Lind gave in, eventually — these days, he negotiates via a 1973 Toyota pickup — but the experience stuck. And while it wasn’t exactly the impetus for the towering stack of clean, white 1979 Honda Civics he installed at the Toronto Sculpture Garden this week, it would also be wrong to assume it had nothing to do with it, either.

Much of Lind’s work is about, as he says, “slowing things down:” shifting perspectives to prompt reconsiderations of the extraordinary that end up being taken for granted. (For a recent series of photographic works, Lind placed cameras deep in the California desert and aimed them skyward, shutters open, for hours in an attempt to record the gentle, all-but-invisible motion of the earth against the cosmos.) While not exactly cosmic, the 1979 Civic was impactful while, in its remarkably modest way, being all but invisible. It arrived amid an energy crisis as OPEC strangled oil supplies and sent gas prices sky high.

It was less a crisis than outward disaster. By 1979, cars were less transportation than the tool used to craft our contemporary reality, all snaking tendrils of superhighway and distended suburbs and endless hours spent in gridlock.

After a generation of American cars with V-8 engines outfitted like living rooms on wheels, the Civic was a way forward. Buckminster Fuller, the utopian American architect and thinker, bought one, then posed for a magazine ad. The Civic, he seemed to promise, was the symbol of a crisis averted, and order restored.

Lind’s piece takes its title from a Fuller quotation. It’s called Gold, Silver and Lead, and while Fuller’s actually quote was less ambiguous and more grim, Lind’s intent, to prompt considerations of transformation from simple utility to the sublime, is nonetheless a tension-filled notion to grapple with.

The little Civic was the perfect vehicle for Lind’s journey. Pulling the modest little car off the road and out of context — remember: slowing things down — Lind acknowledges its peculiar position in our social hierarchy by stripping its function and rebuilding it (the cars in the stack aren’t real, but exacting facsimiles) as an exploration of the vehicle’s form, minus its function.

The piece has a mythic, totemic, quasi-spiritual quality: Look closely, and the hull of each crisp white Civic is missing pieces as the stack climbs skyward. By the top, only a jagged husk of frame remains.
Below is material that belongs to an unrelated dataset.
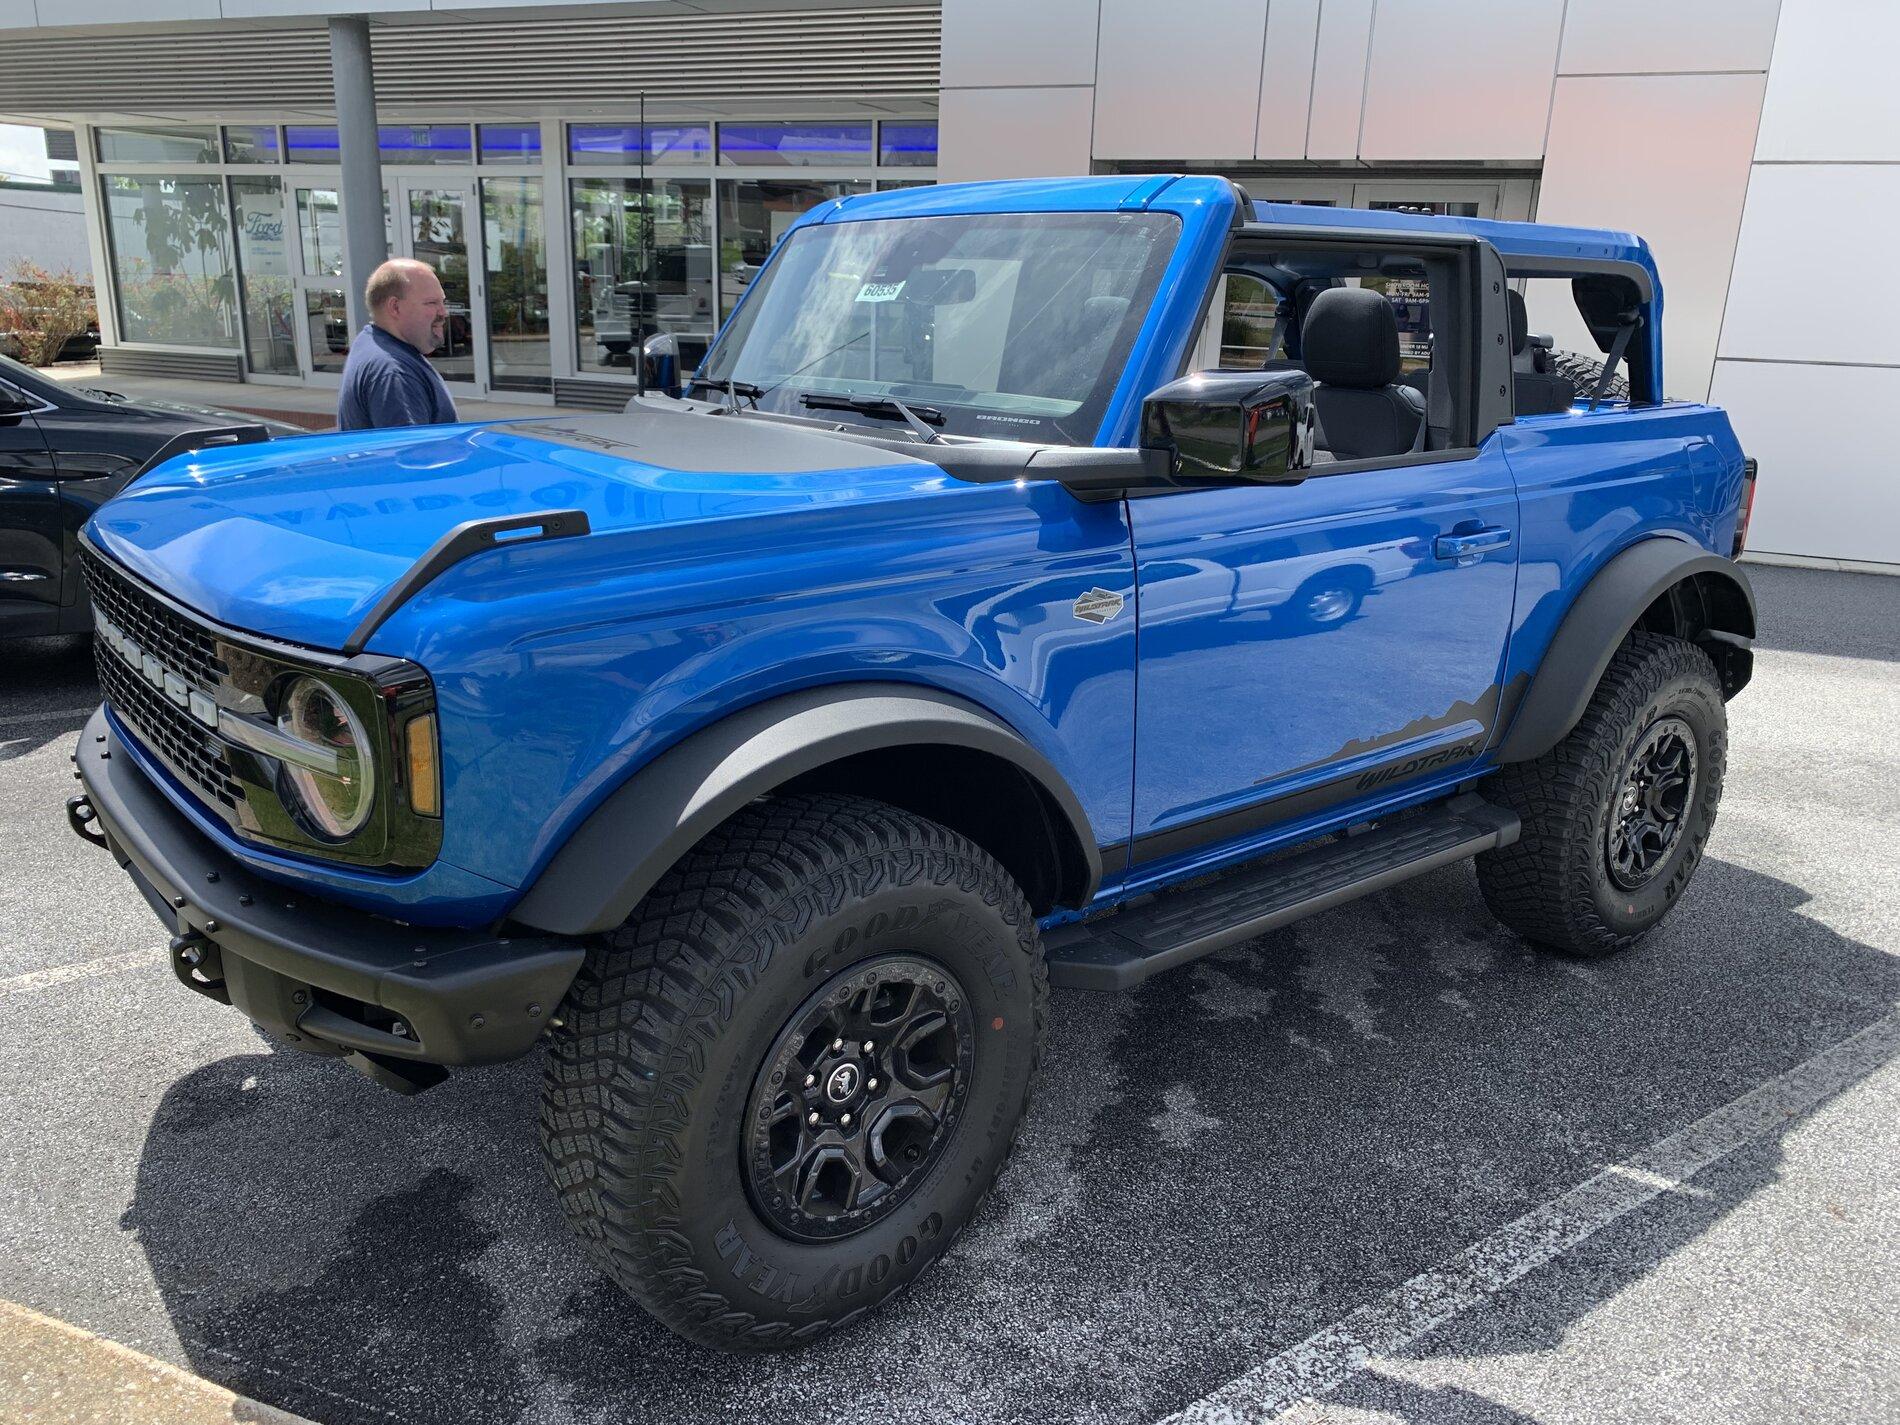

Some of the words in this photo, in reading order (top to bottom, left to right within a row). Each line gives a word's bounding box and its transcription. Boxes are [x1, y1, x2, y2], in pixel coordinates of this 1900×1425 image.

[245, 211, 283, 234] Ford
[976, 414, 1041, 425] BRONCO
[1355, 739, 1482, 790] WILDTRAK
“Something I really like about these sculptures is that they appear to be one thing you may not recognize, and then you approach it and it changes,” Lind says. “It’s dematerialized, and all of a sudden, it’s a car being pared down.”

In the pouring rain this week, Lind surveyed the crisp, white forms looming on a patch of green grass, just off King Street East. Nearby, cabs, transport trucks, buses and cars inched along in the downpour, oblivious to the strange serenity produced by the massing of their vehicular ancestor, so nearby.

Through the work, Lind reverses the value proposition posed by generations of motoring extravagance. Divorced from their function, the Civics of “Gold, Silver And Lead” demand a different view, of a car that goes nowhere but takes you somewhere completely new.

“Through my work, I’ve been trying to get at the infinite, or the sublime in a number of different ways,” he says. He smiles. “But then, I’ve always thought the sublime was in the eye of the beholder.”